Há algum homem ou mulher que possa definir a alma? E ainda se pedirem mais, a alma Russa. Como um pedaço de argamassa que não deveria servir de cal para tapar um orifício onde se põe os olhos que veem o que está impedido de se ver. Mas o cal se esfarela e deixa o pó sem nenhuma serventia a não ser o de perceber a corrupção do corpo que não virará pó na Rússia.
O último filme do diretor russo Andrey Zvyagintsev, Leviatã, prêmio de melhor roteiro em Cannes no ano passado, e forte candidato a melhor filme estrangeiro no Oscar de 2015, o mesmo, do brilhante Retorno, carrega nas tintas do retrato de uma Rússia com seus desvãos entre seus alicerces sociais (ou seus estratos) para pintar com cores nada pastéis um périplo pelo qual um mecânico (Alexey Serbryakov) com sua mulher (Elena Lyadova) e o filho tem que passar quando o prefeito da cidade quer desapropriar a casa e o terreno onde mora. Um amigo advogado de longa data vai tomar conta do processo. Nas entrelinhas da lei, o diretor coloca a sua entrelinha e um poderoso sub -texto para repensar o modo de ver a política russa, muita mais a prática que o homem russo exerce quando dentro do seu meio social. As instâncias da lei se tornam inoperantes para um indivíduo que se vê alijado de seu próprio patrimônio que ele levantou. Funções de pessoas dentro desta mesma lei se tornam interdições à uma propositiva argumentação lógica de quem está sendo desabitado.
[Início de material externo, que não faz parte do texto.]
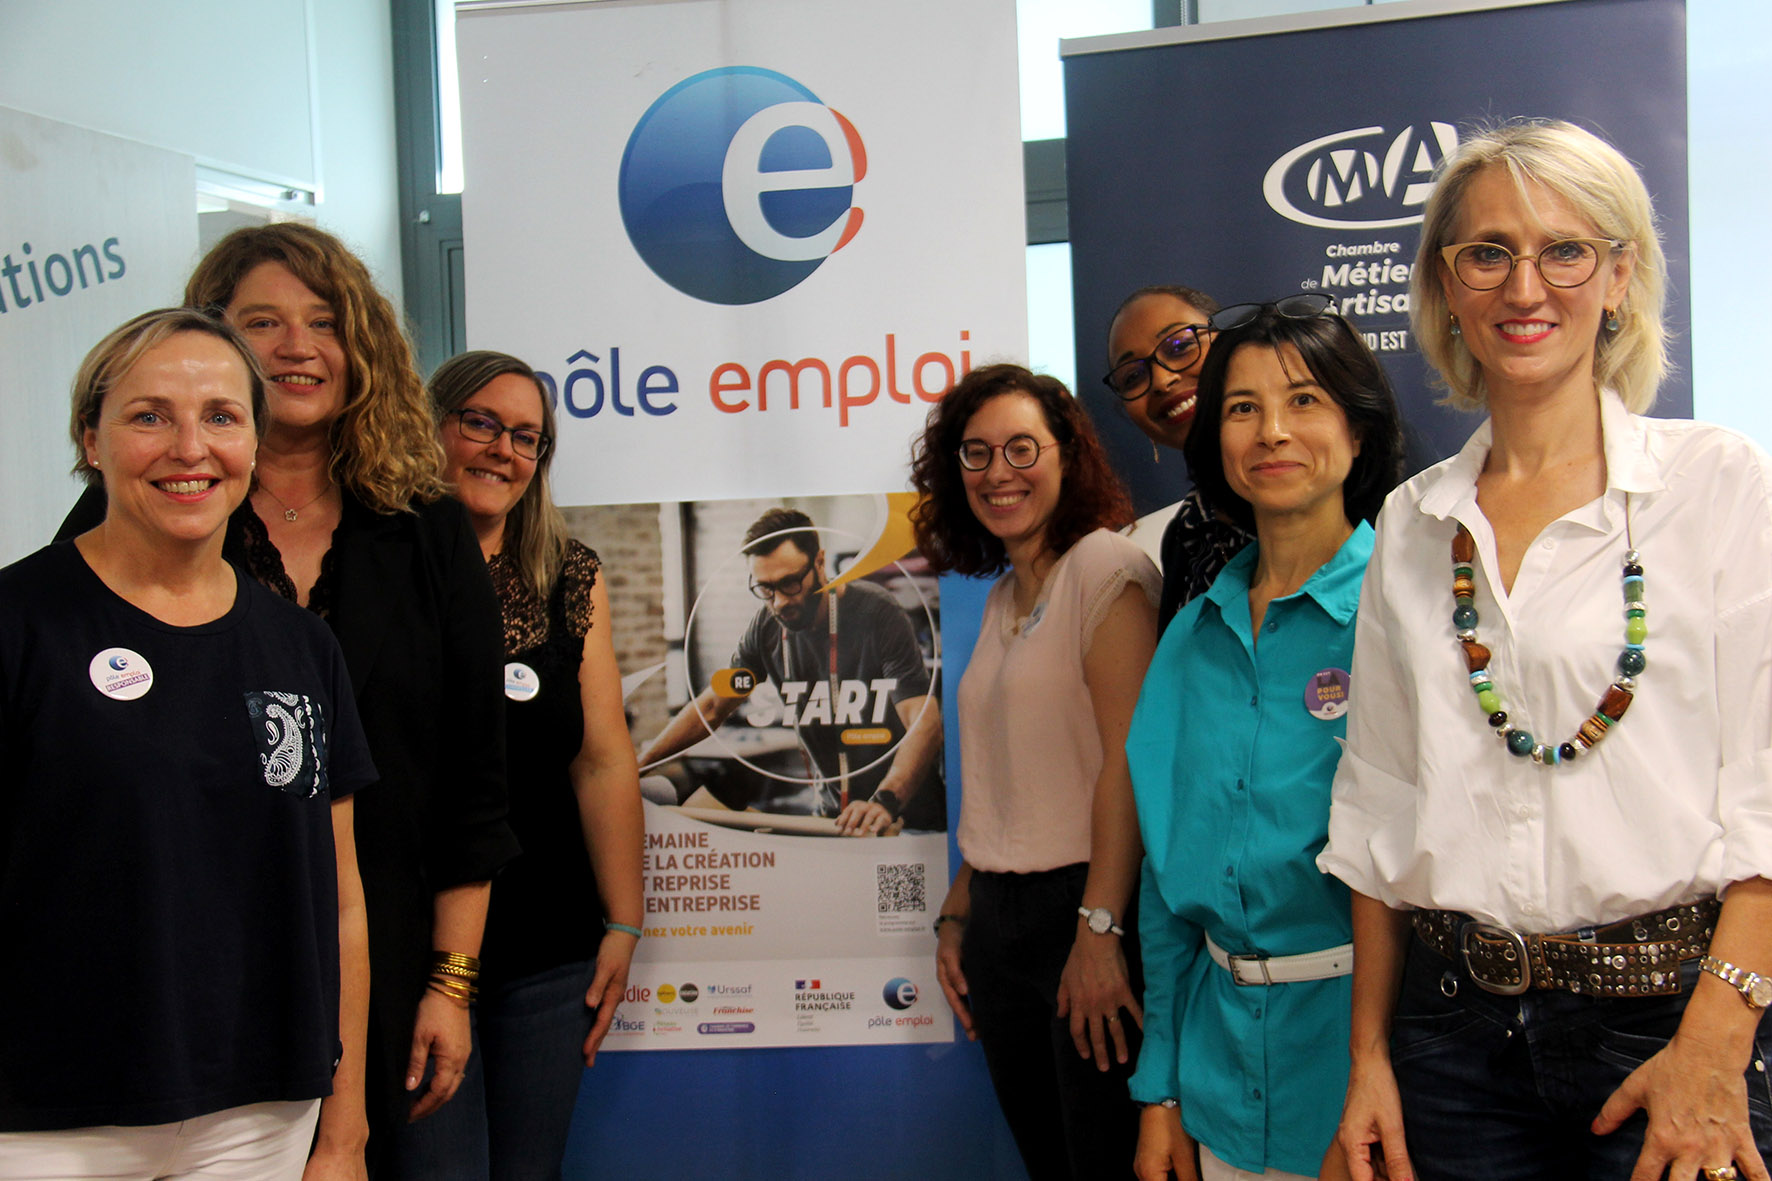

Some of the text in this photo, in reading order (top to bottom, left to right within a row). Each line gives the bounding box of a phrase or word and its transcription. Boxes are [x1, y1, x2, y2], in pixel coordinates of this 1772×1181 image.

[1326, 241, 1400, 258] Chambre
[1301, 258, 1411, 290] de Métie
[1380, 330, 1408, 351] EST
[709, 330, 971, 428] emploi
[734, 676, 751, 689] RE
[1316, 685, 1342, 695] POUR
[747, 678, 898, 728] START
[655, 854, 678, 870] LA
[683, 848, 775, 869] CRÉATION
[653, 874, 730, 891] REPRISE
[646, 894, 760, 913] ENTREPRISE
[643, 921, 755, 937] nez votre avenir
[717, 984, 752, 994] Urssaf
[795, 991, 855, 1001] RÉPUBLIQUE
[713, 1006, 755, 1015] Franchise
[795, 1001, 851, 1012] FRANÇAISE
[622, 1021, 645, 1031] BGE
[868, 1015, 934, 1029] pôle emploi
Mas o diretor não mantém sua trama presa a um molde de crítica social apenas, entra lá pelo meio do filme um ponto de virada exemplar que dará ao filme uma paixão de afecções entre o casal e o advogado levando à trama a uma confrontação entre as escolhas individuais quando motivadas por afetos controversos e a falta de norte individual nas crises afetivas do protagonista e seu filho. A relação do garoto não é boa com a madrasta, neste ponto, o cineasta faz uma curiosa coo-relação da afetividade paterna para com os filhos e como se darão elas no tecido social russo; o pai é uma camarada para o filho, e como esta relação de (não)completude pode se espelhar numa Rússia sem autoridade moral para refrear as (impulsões) à corrupção.